Читать «Дети пустоты» онлайн - страница 90

Сергей Юрьевич Волков

Покидаем рынок — и сразу словно бы окунаемся в ледяную реку. Между палатками и лотками было как-то теплее.

— Надо хазу искать, — говорит Тёха. — Иначе кранты.

Справа от нас, сразу за рынком, начинается обширный пустырь, заросший кустами. За ним торчат в морозной дымке многоэтажные дома. Еще дальше видны сиреневые сопки.

— Теплотрасса! — радостно кричит Губастый, указывая варежкой на пустырь. — Вон она, вон!

Присматриваюсь — и вправду между кустов сереет длинный бетонный короб, увенчанный снежным гребнем. Теплотрасса — это хорошо. Это наше спасение, возможность переждать мороз.

— Погнали! — командует Тёха.

Мы лезем в сугробы, стараясь как можно быстрее добраться до спасительного короба. Мороз не велит стоять, когда он невелик. А когда вот такой, как сейчас, стоять и не захочешь.

***

Идем через снег вдоль теплотрассы, пытаясь найти лаз, ведущий внутрь. Если лаза нет, наше дело труба. Опытный Тёха замечает пушистый иней на ветках кустов.

— Туда!

Он оказывается прав — низ бетонного короба выломан и из черной дыры, в которую вполне способен пролезть человек, веет сырой теплой вонью.

Наверное, когда-то в этой теплотрассе жили местные бомжи. Под покрытыми теплоизолянтом трубами лежат сплющенные картонные коробки, остро пахнущие мочой, вокруг разбросаны пустые фанфурики от настойки боярышника, окурки, тряпки, прочий мусор.

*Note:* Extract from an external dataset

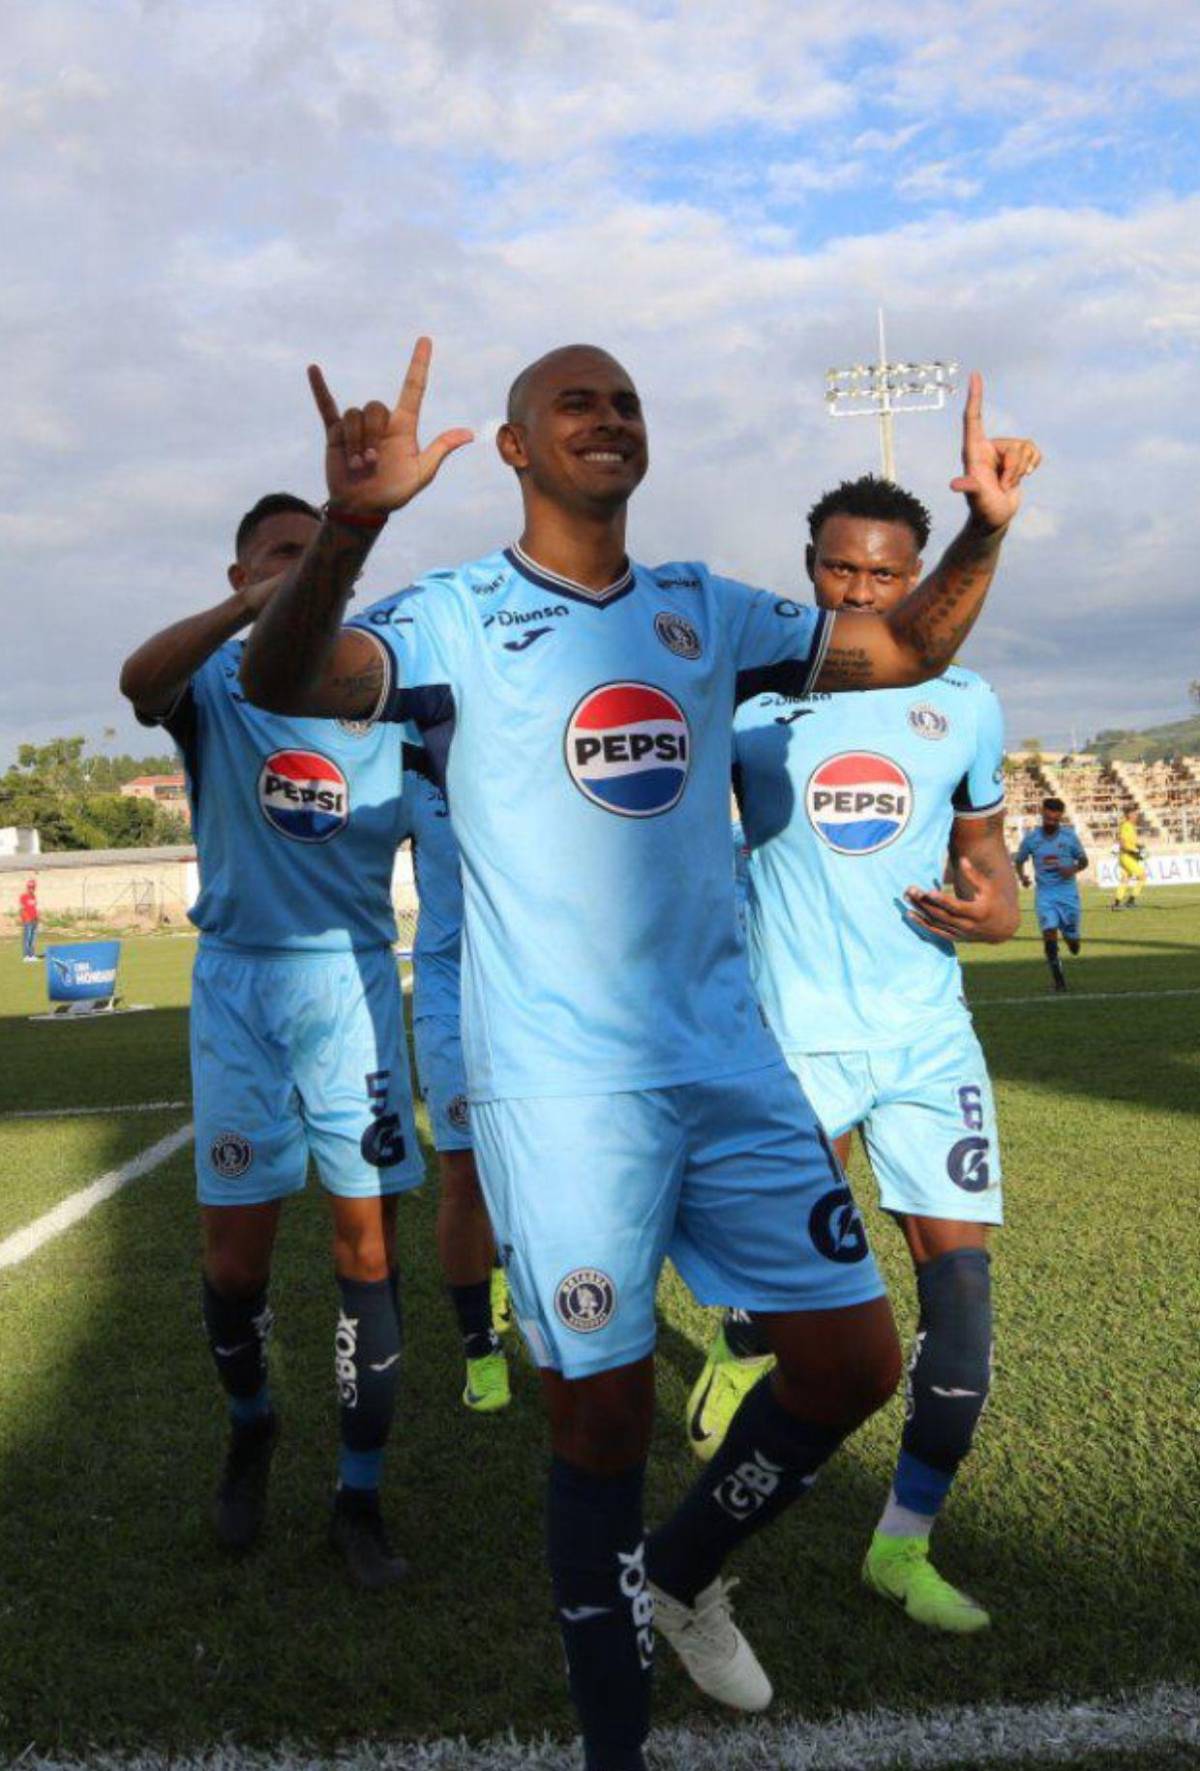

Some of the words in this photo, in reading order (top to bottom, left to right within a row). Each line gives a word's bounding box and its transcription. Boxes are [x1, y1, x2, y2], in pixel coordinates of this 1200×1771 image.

[575, 733, 686, 766] PEPSI
[265, 775, 343, 813] PEPSI
[813, 791, 905, 816] PEPSI

— Меня сейчас вырвет, — бесцветным голосом сообщает Шуня.

Запах и вправду стоит такой, что глаза режет. Но здесь тепло. На улице мы попросту замерзнем. Так что выбор у нас невелик.

— Уборка! — командует Тёха. — Весь срач за борт!

Часа полтора мы палками и связанными на скорую руку из веток вениками выгребаем бомжовый мусор. Сапог филонит, норовит каждые пять минут устроить перекур — он еще на вокзале набрал пригоршню жирных бычков, за что получает от Тёхи по горбатине.

Глядя на груду ароматного мусора у входа в нору, Губастый смеется:

— Культурный слой.

Мороз крепчает. Руки немеют практически сразу, ресницы слипаются, в носу колет.

Я вытаскиваю из теплотрассы несколько ссохшихся грязных картонок, отношу их в сторону, сую торчмя в снег и запинаюсь за что-то твердое. Ногой отгребаю снег и вижу человеческую голову, затылок. Кристаллики льда набились между волосами, и кажется, что их присолили крупной солью.

Покойник. Мертвый, труп, жмур. Усопший. У меня руки отнимаются — не чувствую пальцев. Я уже открываю рот, чтобы заорать, но сзади слышится скрип снега, и Тёха негромко говорит:

— Хавало захлопни. Снежком забросай и мусором привали.

— А кто… это? — спрашиваю дрогнувшим голосом.

— Хозяин берлоги, — Тёха сплевывает. — Не дополз до дому, видать…

— Я… не могу…

Покойников я боюсь с детства. Сколько себя помню, столько и боюсь. Когда я был совсем маленьким, у нас в детдоме умерла нянечка. Толстая была женщина, добрая, но неряшливая. И очень громкая. С таким голосярой ей в опере петь надо было, а она пела на детдомовской кухне, когда чашки мыла:

— Йа-а люблю-ю тибя-я, жи-изнь… И надееюсь, что эта взаи-имна-а!

Звали нянечку мама Соня. У нас все женщины в младших группах были мамами. Мама Аня, мама Света, мама Ира… Это долгая история, почему так все получилось. Хотя и ежу понятно — нам всем хотелось, чтобы у нас были мамы.